Beim Raumordnungsverfahren ist dann die Untersuchung der Trassenvarianten auf ihre Raumbedeutsamkeit eines der Hauptkriterien. Es müsse die bestmögliche Erreichbarkeit der Planungsziele berücksichtigt werden, dazu gehöre auch die Entlastung der Ortsdurchfahrten. Eine besondere Bedeutung haben dabei verkehrliche Wirksamkeit, Wasser und insbesondere der Hochwasserabfluss, natürlich der Immissionsschutz sowie Natur und Umwelt.
Die vorliegende Planung wurde in fünf Abschnitte aufgeteilt, wobei im Abschnitt A (Bereich Schaeffler) der südlichen Variante den Vorzug gegeben werden soll. Sie erfülle nicht nur eine bessere verkehrliche Zielsetzung, es könne auch ein Querung der Aurach entfallen. In diesem Zusammenhang wies Bürgermeister Hacker darauf hin, dass die Umgehung im Tal nie zum Tragen gekommen wäre. Der Eingriff in die Natur, aber auch die Nähe zu Wohngebäuden wären zu unüberwindbaren Hindernissen geworden. Im Abschnitt B bestimmen geschützte Tierarten den Trassenverlauf, darüber hinaus orientiert sich die Trasse am Geländeverlauf und an straßenbaulichen Erfordernissen. Ein tiefer Ausschnitt kommt dabei der Lärmreduzierung zugute. Im Abschnitt C führte die Trasse noch durch das Biotop, dies wurde nun geändert und die Trasse führt am Biotop vorbei.

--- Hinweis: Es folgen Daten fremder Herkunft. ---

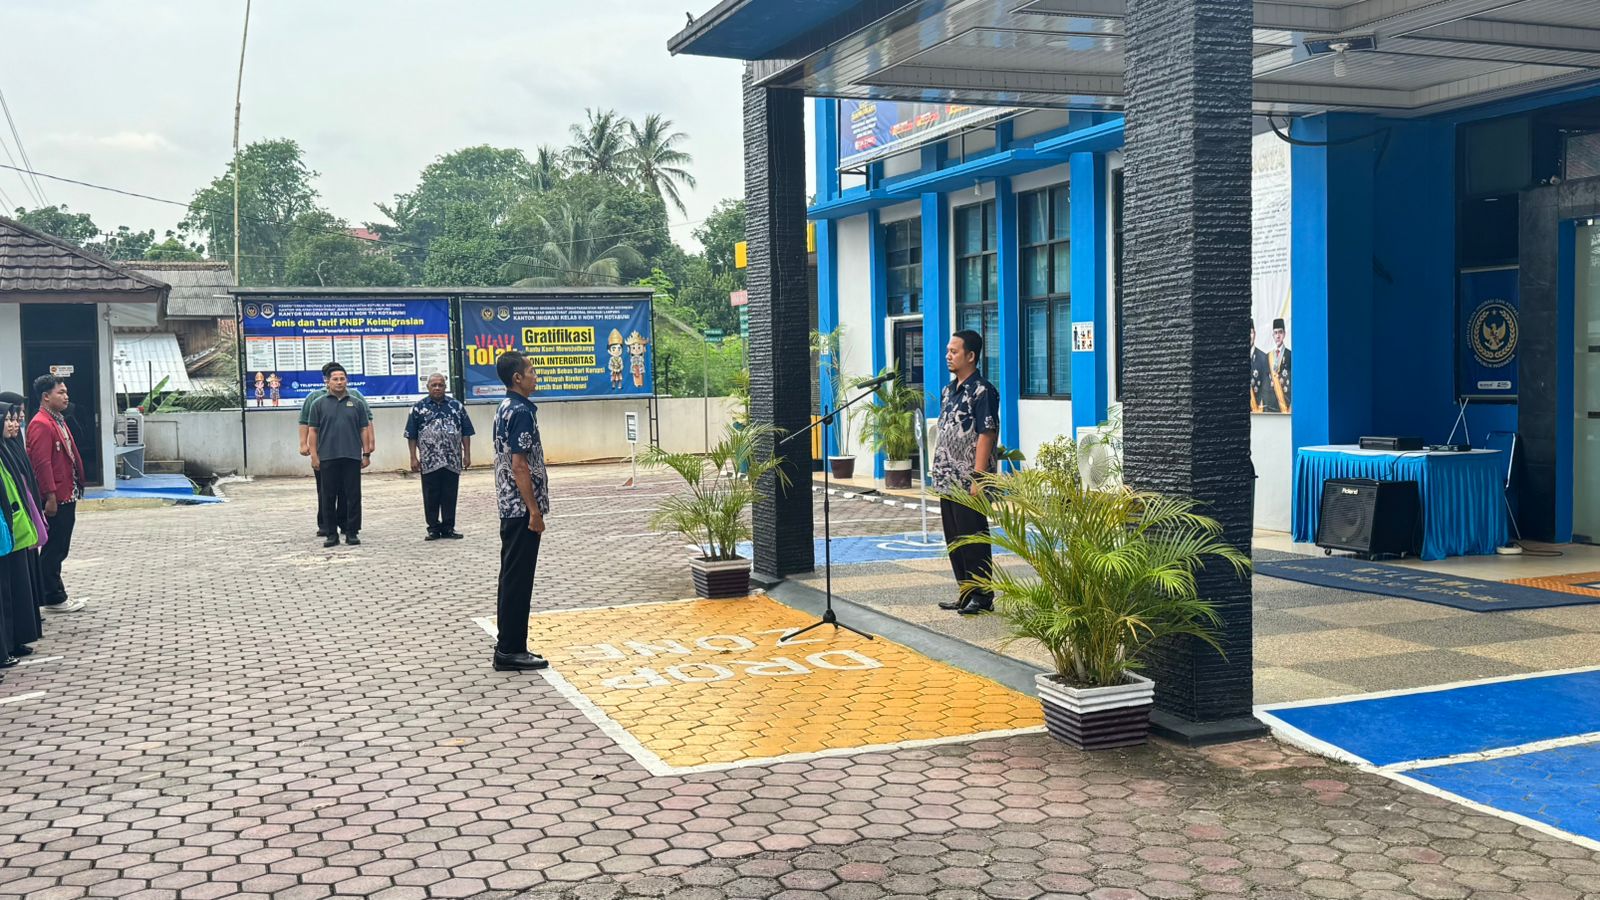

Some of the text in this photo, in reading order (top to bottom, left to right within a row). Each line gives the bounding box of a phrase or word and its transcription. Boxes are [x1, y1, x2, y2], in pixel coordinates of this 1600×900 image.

Der neue Trassenverlauf hat auch noch den Vorteil, dass die Straße rund 450 Meter kürzer sein wird. Damit reduzieren sich Baukosten, Flächenbedarf und damit Flächenversiegelung sowie der Bedarf an Ausgleichs- und Ersatzmaßnahmen. Im Abschnitt B wird die Waldvariante gewählt, diese Trasse komme dem Naturschutz entgegen und schütze Natur und Mensch bestmöglich. Der letzte Abschnitt ist dann die Verknüpfung mit dem Hans-Ort-Ring und die Anbindung von Neuses.
"Die Unterlagen weisen einen hohen Bearbeitungsstand auf und sollten bis Anfang April 2015 fertiggestellt sein", erklärte der Bürgermeister. Nach dem Beschluss des Stadtrates hat die Regierung von Mittelfranken vier Wochen Zeit für die Prüfung. Das Verfahren bei der Raumordnungsbehörde wird etwa sechs Monate dauern. Aus diesem Grund könne noch kein detaillierter Trassenverlauf eingezeichnet werden, und die Grundstücksverhandlungen beginnen erst nach Abschluss des Raumordnungsverfahrens. In der Sitzung des Planungsausschusses werden Mitarbeiter der beteiligten Büros sowohl die Stadträte als auch die Öffentlichkeit umfassend informieren.